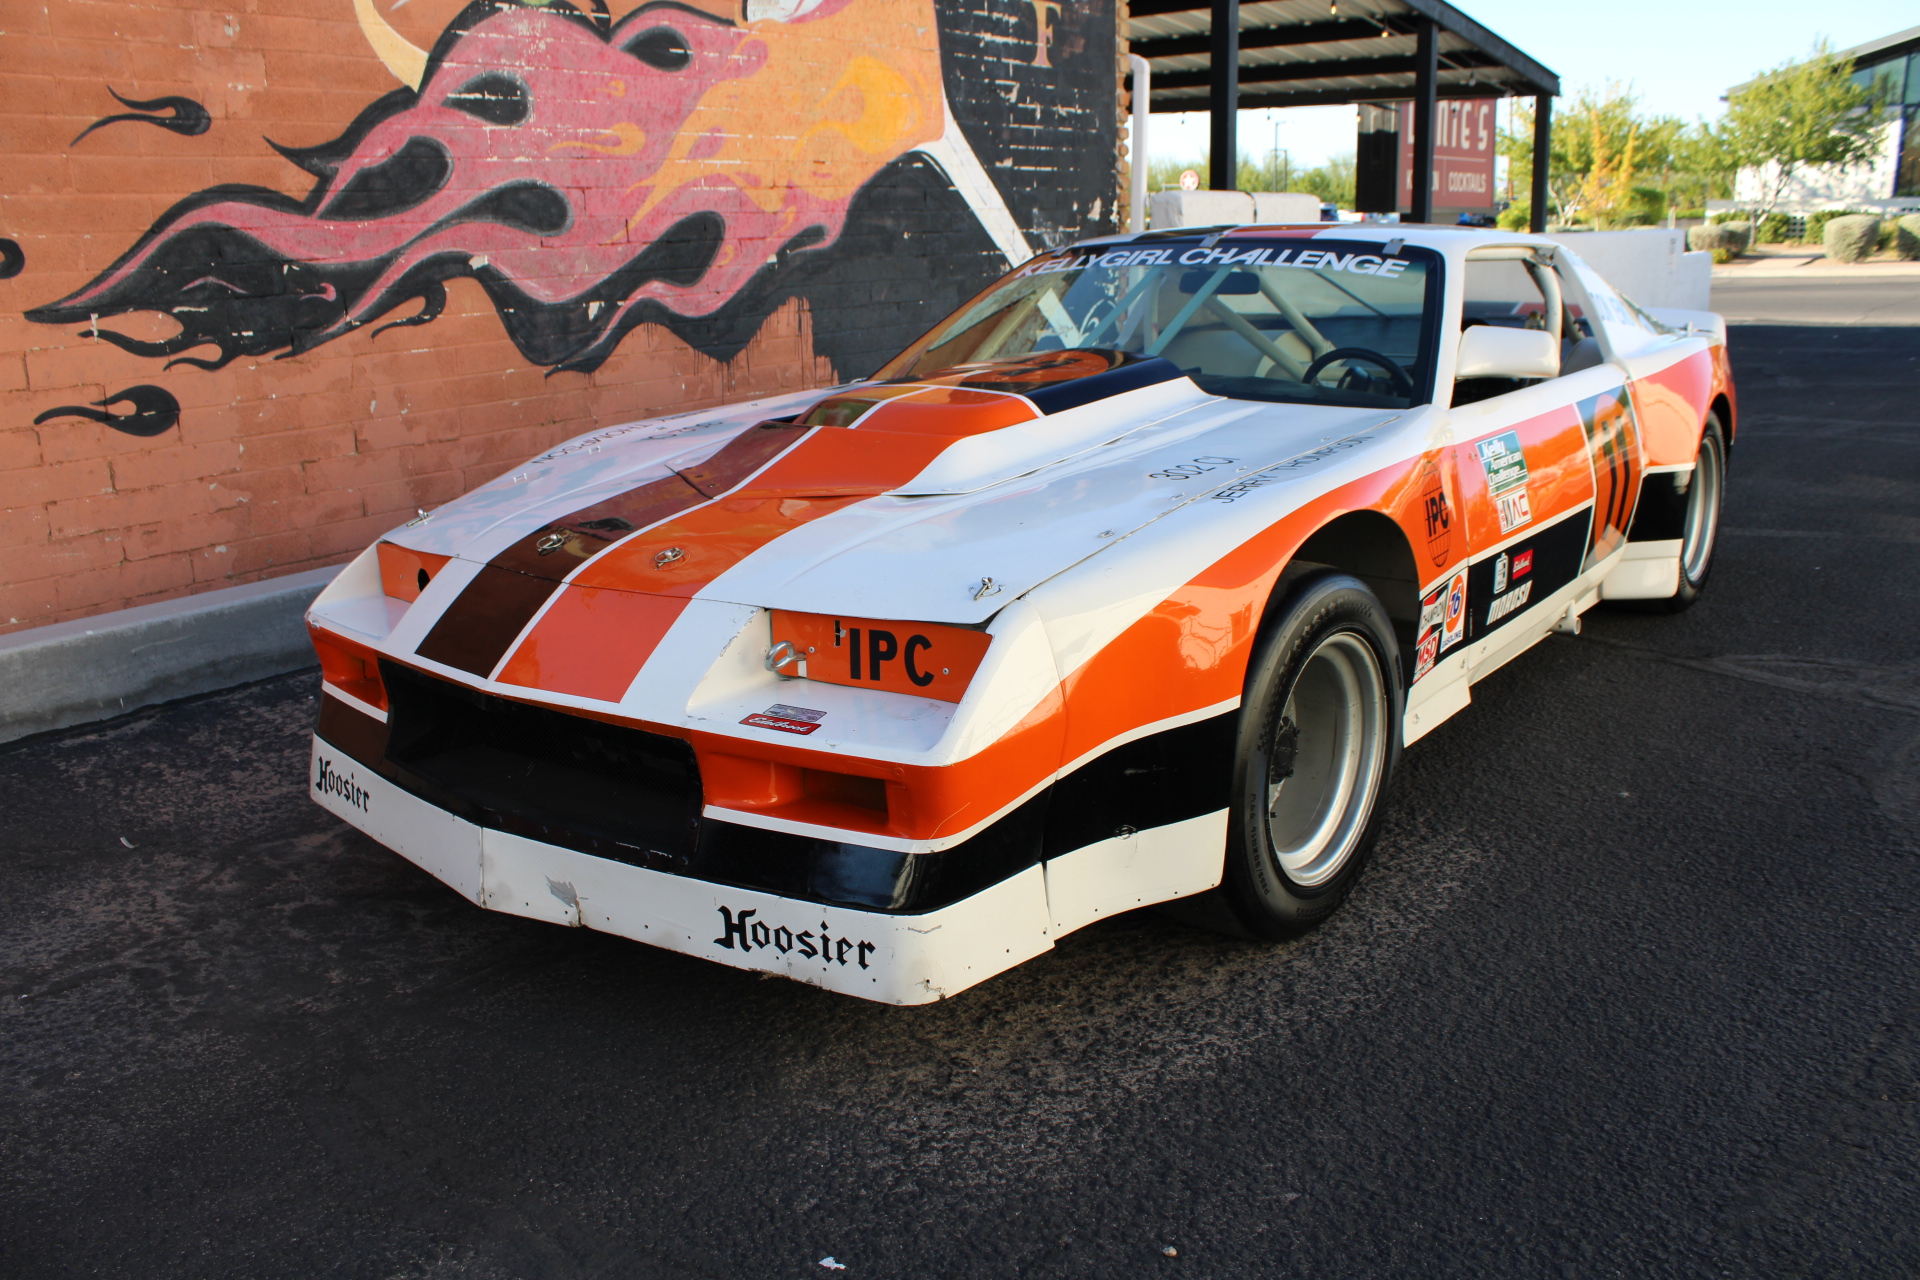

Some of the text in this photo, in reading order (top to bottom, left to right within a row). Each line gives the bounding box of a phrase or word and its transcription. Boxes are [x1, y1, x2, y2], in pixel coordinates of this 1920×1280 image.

[1448, 171, 1487, 193] COCKTAILS
[1178, 247, 1410, 279] CHALLENGE
[1481, 439, 1508, 458] Kelly
[1490, 451, 1522, 470] American
[1148, 464, 1218, 481] 302
[1211, 436, 1375, 504] JERRY THOMPSON
[1425, 492, 1449, 537] IPC
[1447, 582, 1463, 622] 76
[1416, 636, 1438, 671] MSD
[1441, 629, 1463, 649] GASOLINE
[848, 627, 935, 687] IPC
[315, 755, 370, 814] Hoosier
[713, 905, 876, 970] Hoosier

————————

WORK INSTRUCTION: What you give back must be the data above, reproduced exactly and free of pictures.

EXERCISE SOLUTION:
Some of the text in this photo, in reading order (top to bottom, left to right within a row). Each line gives the bounding box of a phrase or word and its transcription. Boxes are [x1, y1, x2, y2], in pixel coordinates of this 1920×1280 image.

[1448, 171, 1487, 193] COCKTAILS
[1178, 247, 1410, 279] CHALLENGE
[1481, 439, 1508, 458] Kelly
[1490, 451, 1522, 470] American
[1148, 464, 1218, 481] 302
[1211, 436, 1375, 504] JERRY THOMPSON
[1425, 492, 1449, 537] IPC
[1447, 582, 1463, 622] 76
[1416, 636, 1438, 671] MSD
[1441, 629, 1463, 649] GASOLINE
[848, 627, 935, 687] IPC
[315, 755, 370, 814] Hoosier
[713, 905, 876, 970] Hoosier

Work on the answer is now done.